Hasta el tono casi al borde del frenesí con que María Laura Santillán anunciaba el jueves por la noche la megacobertura que Canal 13/TN brindaría a la boda real, con previa a la cinco de la madrugada incluida. Frenesí que alcanzó el clímax cuando, sin despeinarse, ML dijo: “Es lógica tanta expectativa, hasta en los Estados Unidos, que tienen de todo, menos monarquía”.
Sus caras, sus gestos adustos, sus bocas torcidas hacia abajo, sus ojos siguiendo letra tras letra, marcan de manera atroz una forma de entender el periodismo que pretende engalanarse bajo el manto piadoso de la supuesta “independencia informativa”.
Una forma de hacer periodismo que recuerda lo realizado por el banquero Nathan Rothschild la mañana del 19 de junio de 1815, a horas de terminada la batalla de Waterloo, donde la alianza angloprusiana (dirigida por el duque de Wellington y Von Blücher) había vencido a las tropas de Napoleón.
En la Bolsa de Valores de Londres se sabía que Waterloo era el combate decisivo. Los especuladores ingleses sabían que quien venciera en esa batalla tomaría el poder de toda Europa. Pero también sabían que una derrota inglesa echaría por tierra el valor de sus acciones. Esa mañana de principios de siglo XIX, en la Bolsa de Valores ardían por conseguir alguna novedad del combate y así cambiar o no sus papeles. Todos menos Rothschild, que había recibido un papelito con la noticia de la caída de Napoleón vía paloma mensajera.
Cuando se abrió la sesión de ese 19, Nathan Rothschild –con la misma cara de Santo o de Lorena– mandó a sus agentes a vender todas sus acciones en bienes extranjeros de Inglaterra. El precio, por supuesto, bajó. Mucho más cuando los demás inversores –sospechando que Rothschild tenía la certeza de una victoria francesa– se lanzaron a vender de manera desaforada. Ante una señal apenas imperceptible del banquero, sus operadores comenzaron a comprar todo a precios irrisorios. Poco después, llegaba a la Bolsa la noticia: Inglaterra había ganado, las acciones recuperaban su valor, pero todas las tenía Rothschild. Nada más que Rothschild que, en ese día, multiplicó por veinte su ya exuberante fortuna.
Tres décadas después de ese hecho, nacían las primeras agencias internacionales de noticias, pertenecientes a países con fuertes intereses coloniales: France-Presse, Reuters, Wolff, Associated Press. Fabricantes de papeles con una información que otros deben leer y repetir sin dudar.

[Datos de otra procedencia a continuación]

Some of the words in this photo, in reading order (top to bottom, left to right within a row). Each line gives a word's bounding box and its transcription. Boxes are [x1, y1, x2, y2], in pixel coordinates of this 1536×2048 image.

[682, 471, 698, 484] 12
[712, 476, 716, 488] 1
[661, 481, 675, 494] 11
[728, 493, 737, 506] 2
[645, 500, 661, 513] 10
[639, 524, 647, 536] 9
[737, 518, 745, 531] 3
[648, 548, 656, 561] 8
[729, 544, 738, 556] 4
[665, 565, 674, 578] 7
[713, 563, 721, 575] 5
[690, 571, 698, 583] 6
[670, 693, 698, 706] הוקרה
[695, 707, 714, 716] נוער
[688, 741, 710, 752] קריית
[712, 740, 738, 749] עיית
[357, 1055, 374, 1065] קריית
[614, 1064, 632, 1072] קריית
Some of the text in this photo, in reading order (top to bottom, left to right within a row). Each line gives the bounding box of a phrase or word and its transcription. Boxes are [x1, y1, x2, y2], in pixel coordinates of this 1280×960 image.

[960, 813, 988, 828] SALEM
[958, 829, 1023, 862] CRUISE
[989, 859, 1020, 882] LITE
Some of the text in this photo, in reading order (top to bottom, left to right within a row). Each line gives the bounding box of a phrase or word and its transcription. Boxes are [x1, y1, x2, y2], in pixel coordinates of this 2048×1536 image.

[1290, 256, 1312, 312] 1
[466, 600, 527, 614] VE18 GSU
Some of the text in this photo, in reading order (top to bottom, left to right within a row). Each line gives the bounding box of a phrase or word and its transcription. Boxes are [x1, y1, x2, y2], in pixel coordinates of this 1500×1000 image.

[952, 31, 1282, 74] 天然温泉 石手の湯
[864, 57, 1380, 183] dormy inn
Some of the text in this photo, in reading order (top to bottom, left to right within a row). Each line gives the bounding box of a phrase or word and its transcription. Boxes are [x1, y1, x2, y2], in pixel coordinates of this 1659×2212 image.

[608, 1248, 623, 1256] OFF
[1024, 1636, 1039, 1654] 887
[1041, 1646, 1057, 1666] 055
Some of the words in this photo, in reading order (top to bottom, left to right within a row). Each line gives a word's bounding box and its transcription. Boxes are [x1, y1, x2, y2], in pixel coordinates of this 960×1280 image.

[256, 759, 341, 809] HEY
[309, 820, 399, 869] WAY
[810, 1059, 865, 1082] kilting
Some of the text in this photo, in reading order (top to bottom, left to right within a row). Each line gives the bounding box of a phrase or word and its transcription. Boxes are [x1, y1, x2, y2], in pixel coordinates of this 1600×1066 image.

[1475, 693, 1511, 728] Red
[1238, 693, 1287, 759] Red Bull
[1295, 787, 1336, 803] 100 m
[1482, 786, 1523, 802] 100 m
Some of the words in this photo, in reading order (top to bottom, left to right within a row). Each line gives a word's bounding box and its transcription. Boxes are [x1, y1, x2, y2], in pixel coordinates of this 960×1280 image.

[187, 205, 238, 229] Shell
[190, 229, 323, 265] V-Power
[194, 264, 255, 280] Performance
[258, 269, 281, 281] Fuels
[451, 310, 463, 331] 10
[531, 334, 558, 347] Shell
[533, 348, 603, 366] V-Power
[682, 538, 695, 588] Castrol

Como leen sin dudar ciertos periodistas que apoyan las denuncias de atentados a la libertad de expresión que Arturo Guardiola agita en las reuniones de Adepa. Ciertos periodistas que no trepidan en consultar a Claudio Belocopitt, mandamás del Swiss Medical Group, sobre la ley que busca regular las prepagas. Ciertos periodistas que, como la lectora Maciel, afirman desde la revista Noticias que “no hay otro medio periodístico mejor” que donde trabajan (TN) y que “en el periodismo no hay obediencia debida”.
No estaría nada mal que consultaran una historia que solía contar en las redacciones Eduardo Galeano: un sultán de Persia había probado por primera vez una berenjena y aprobó su sabor. El poeta de la corte, casi de inmediato, arrancó con una oda exaltando al vegetal. Pero, al tercer mordisco, el mismo sultán descubrió un amargor y escupió sobre el plato desacreditando a la berenjena en todo su reino.
Ahí nomás, el poeta de la corte escribió una sarta de improperios sobre la pobre berenjena. Cuando le comentaron aquella falta de criterio, el poeta aclaró que él era cortesano del sultán, no de la berenjena.